(Photo: REUTERS/Brian Snyder )
The worst flooding Vermont has suffered in 83 years has claimed the lives of three residents of the Green Mountain state. The victims include a woman swept away by the raging Deerfield River in Wilmington, a man who drowned in Mendon when flood waters took him away, and another man found dead in Lake Rescue in Ludlow.
Hurricane Irene dumped some 15 inches of rain on the land-locked state this past weekend. It washed out more than 260 roads, according to Vermont Agency of Transportation Secretary Brian Searles, and left 35 bridges closed because of storm-related damage. It also left nearly 10 percent of the state’s 625,000 or so residents without power.

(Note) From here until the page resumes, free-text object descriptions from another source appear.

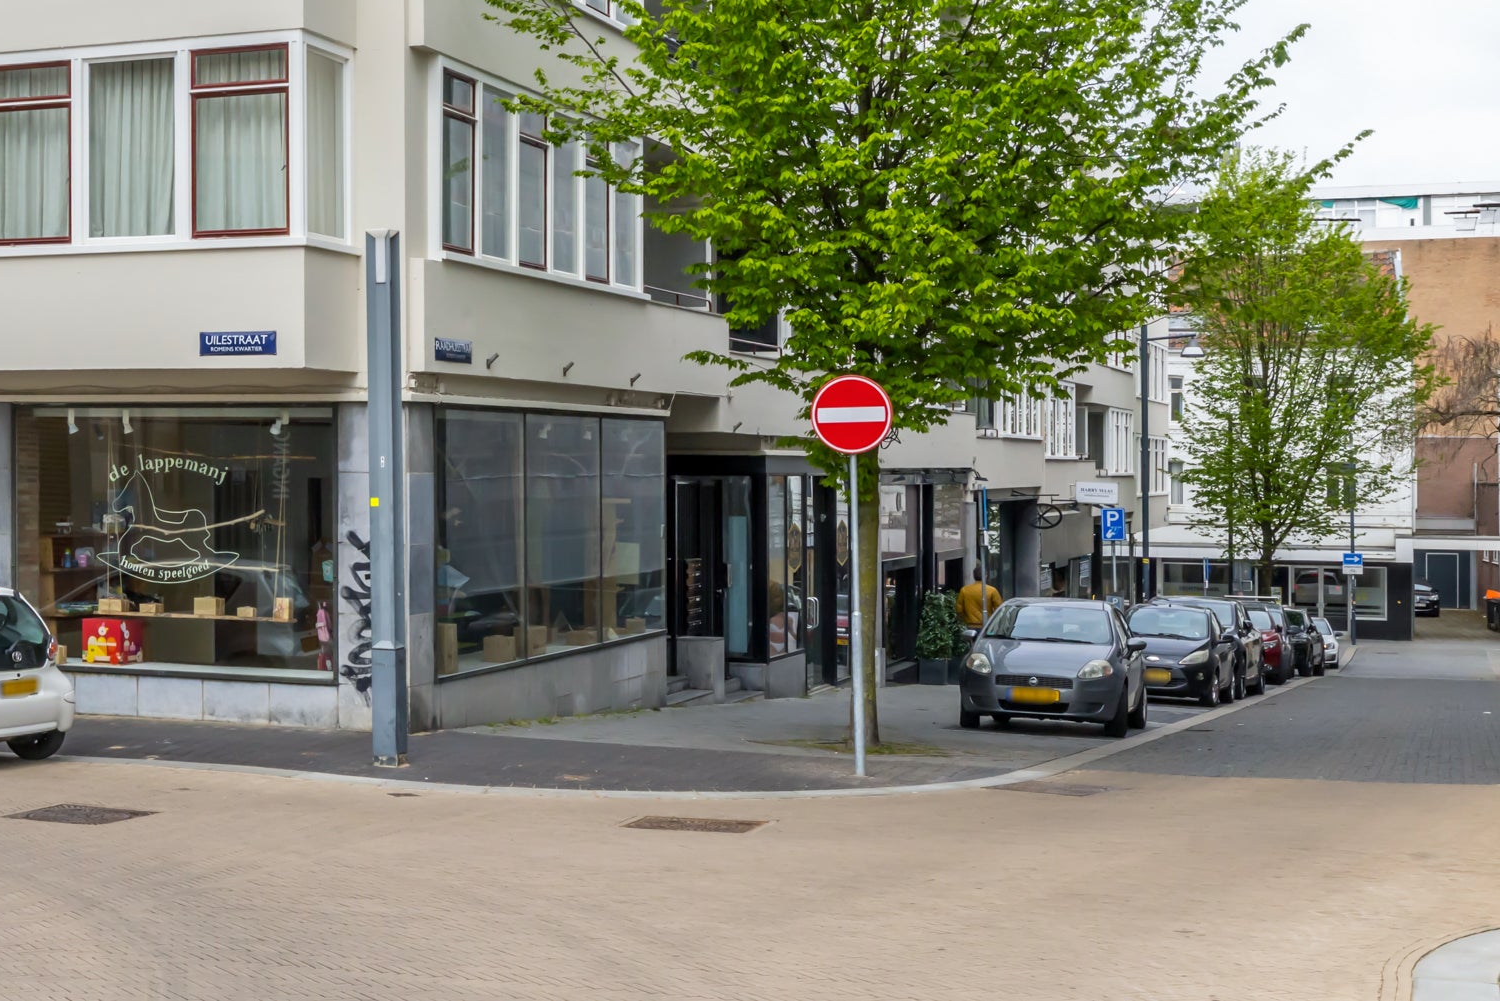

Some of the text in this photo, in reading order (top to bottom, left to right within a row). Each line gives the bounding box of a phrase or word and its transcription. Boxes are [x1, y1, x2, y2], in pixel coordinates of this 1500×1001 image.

[205, 334, 268, 346] UILESTRAAT
[109, 454, 229, 485] de lappemanj
[1106, 510, 1120, 527] P
[120, 555, 211, 580] houten speelgoed
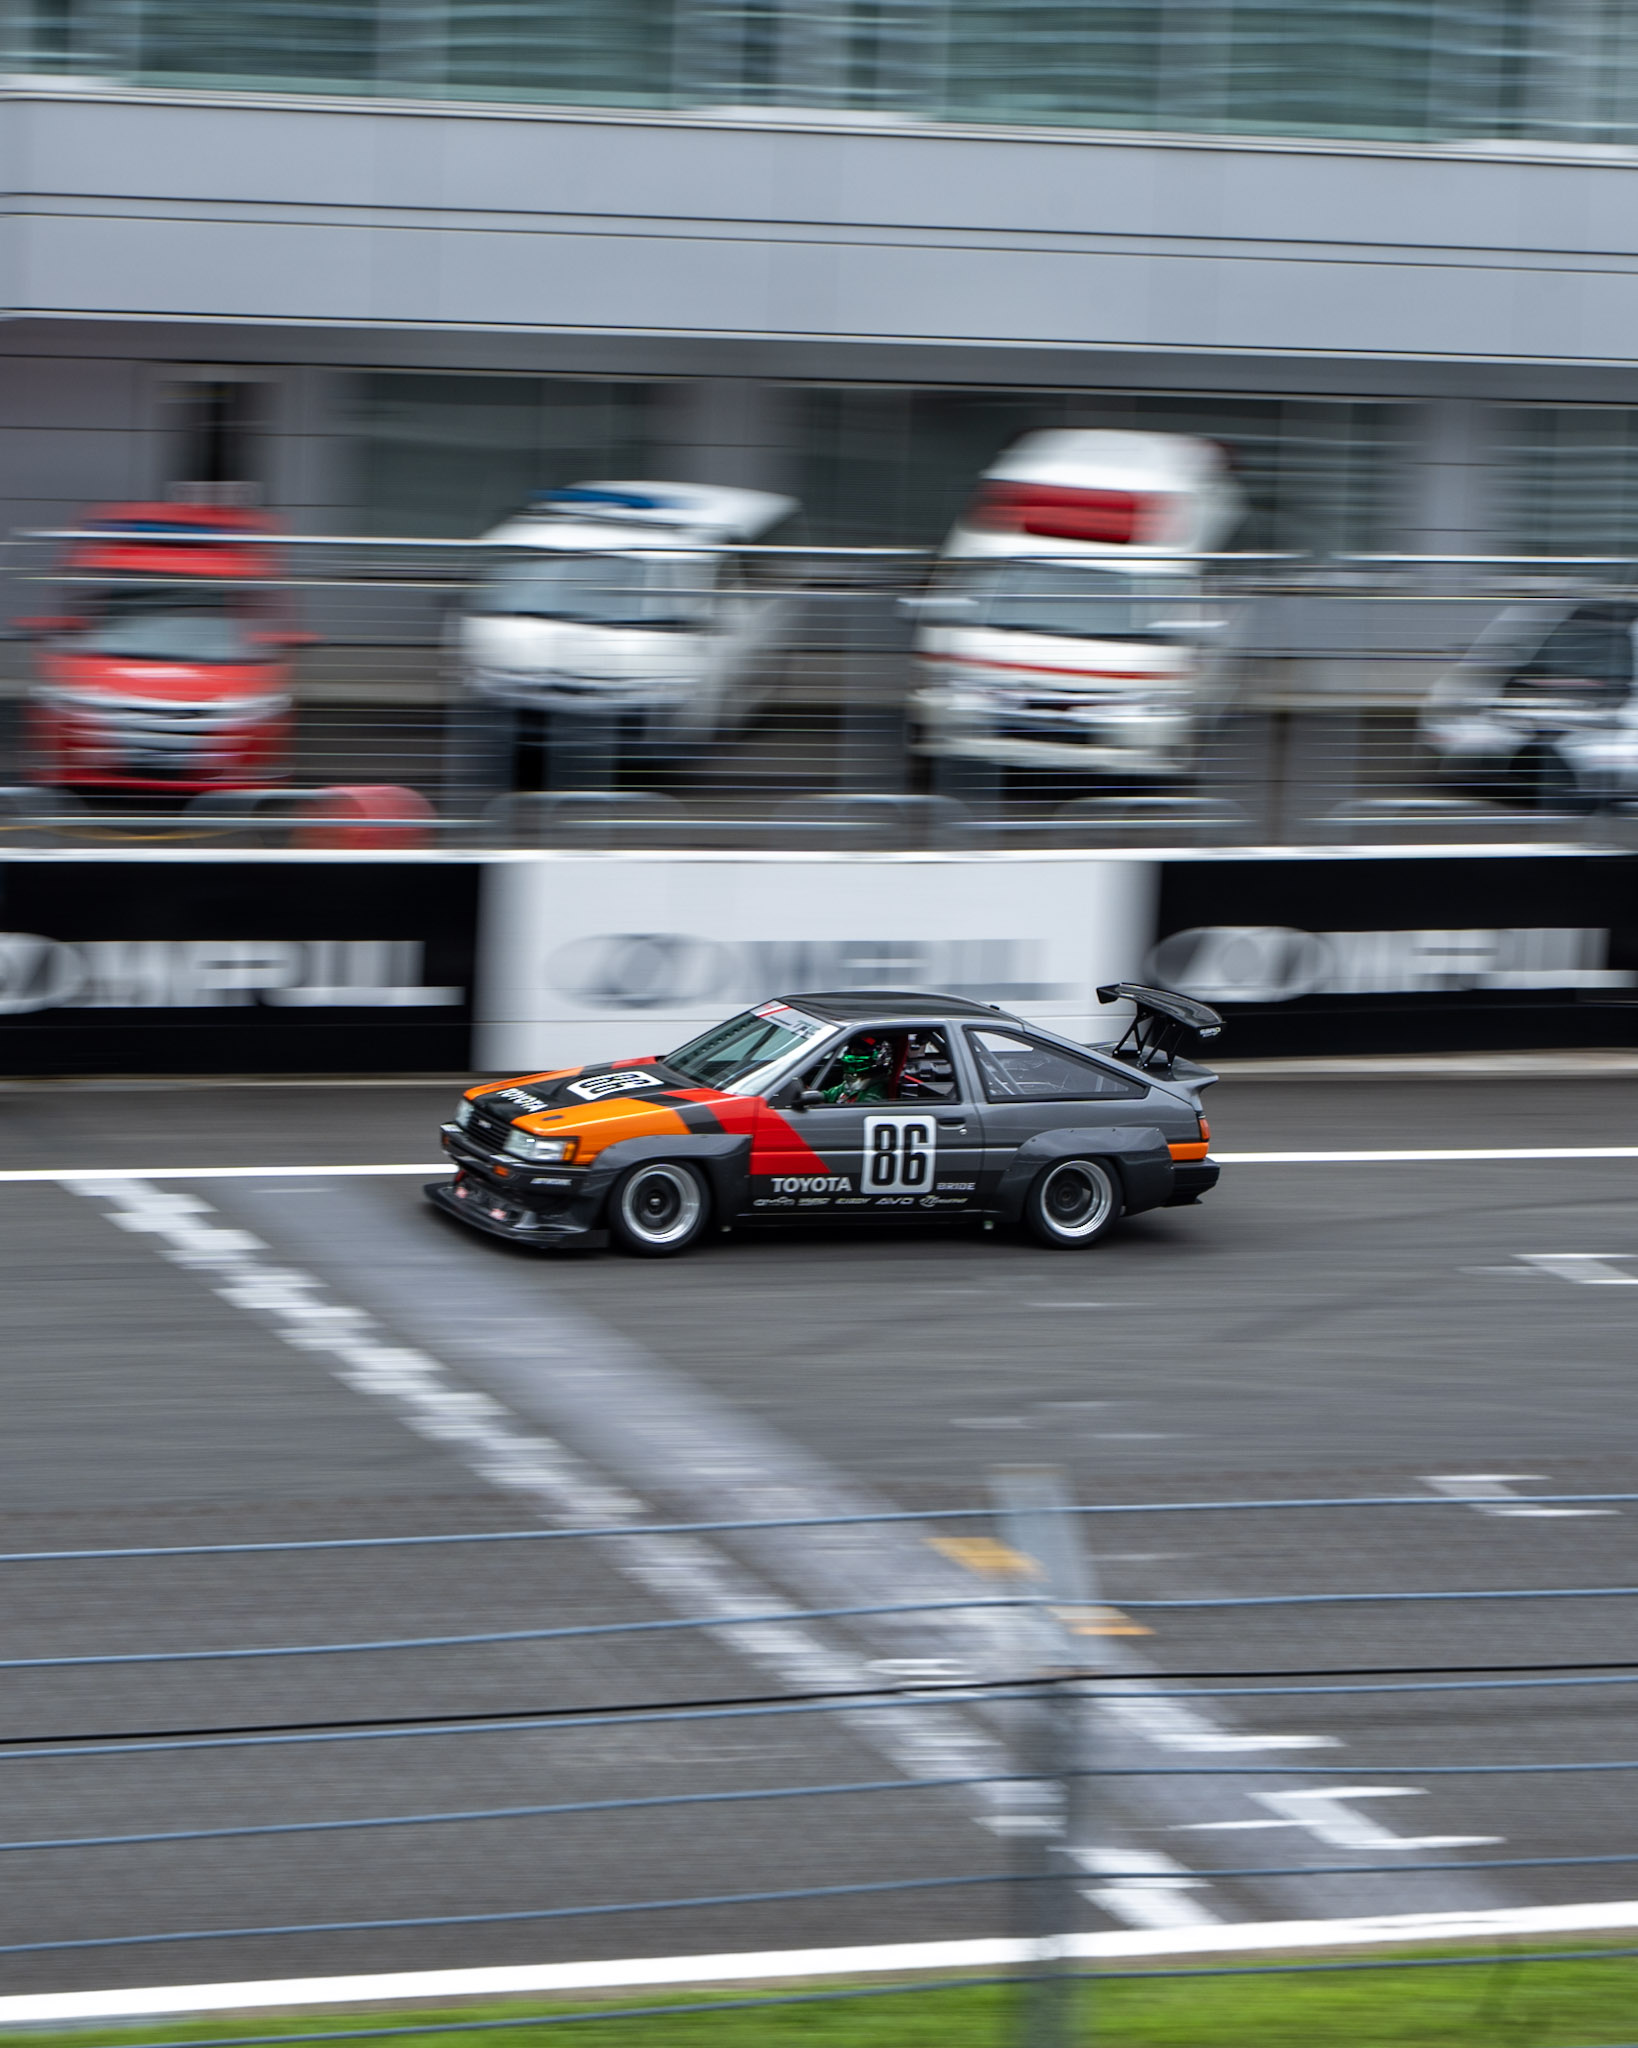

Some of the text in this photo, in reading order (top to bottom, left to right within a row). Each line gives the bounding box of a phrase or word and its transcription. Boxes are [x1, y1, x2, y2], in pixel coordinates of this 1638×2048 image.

[496, 1087, 549, 1113] TOYOTA
[871, 1123, 929, 1186] 86
[771, 1177, 852, 1193] TOYOTA

It is “one of the top weather-related disasters in Vermont’s history,” National Weather Service hydrologist Greg Hansen told USA Today. “We’ve heard reports of houses and cars washing away. We’re keeping our fingers crossed all those were empty.”
Vermont Gov. Peter Shumlin declared a state of emergency this past weekend. President Obama followed yesterday in declaring the nation’s 45th largest state a disaster area, making it eligible for federal aid.
Indeed, Central Vermont Public Service, the state’s largest power company, said that electricity won’t be restored to some communities around the state for several weeks. “In many places,” Company Vice President Joe Kraus told USA Today, “we can’t even get to the damage” because of mud and debris.
Meanwhile, Irene has caused a water crisis for the Vermont town of Bennington, where the mainline from a water filtration plan snapped under a collapsed bridge. The local water resources superintendent says the town has a day-and-a-half to two days to get the mainline fixed before it runs out of potable water.
Vermont residents were caught off guard by Irene’s ferocity, which came ashore in North Carolina as a hurricane on Saturday and had weakened to a tropical storm by the time it passed through New York City on Sunday.
National Weather Service meteorologist Anthony Loconto explained to the Burlington Free Press that rain falls hardest to the west of all tropical storms heading northward through New England.
Because wind blows counterclockwise around those northward heading storms, the wind comes out of the east toward Vermont. That’s why the inland state was slammed harder by Irene than the neighboring coastal states of Rhode Island, Massachusetts and New Hampshire.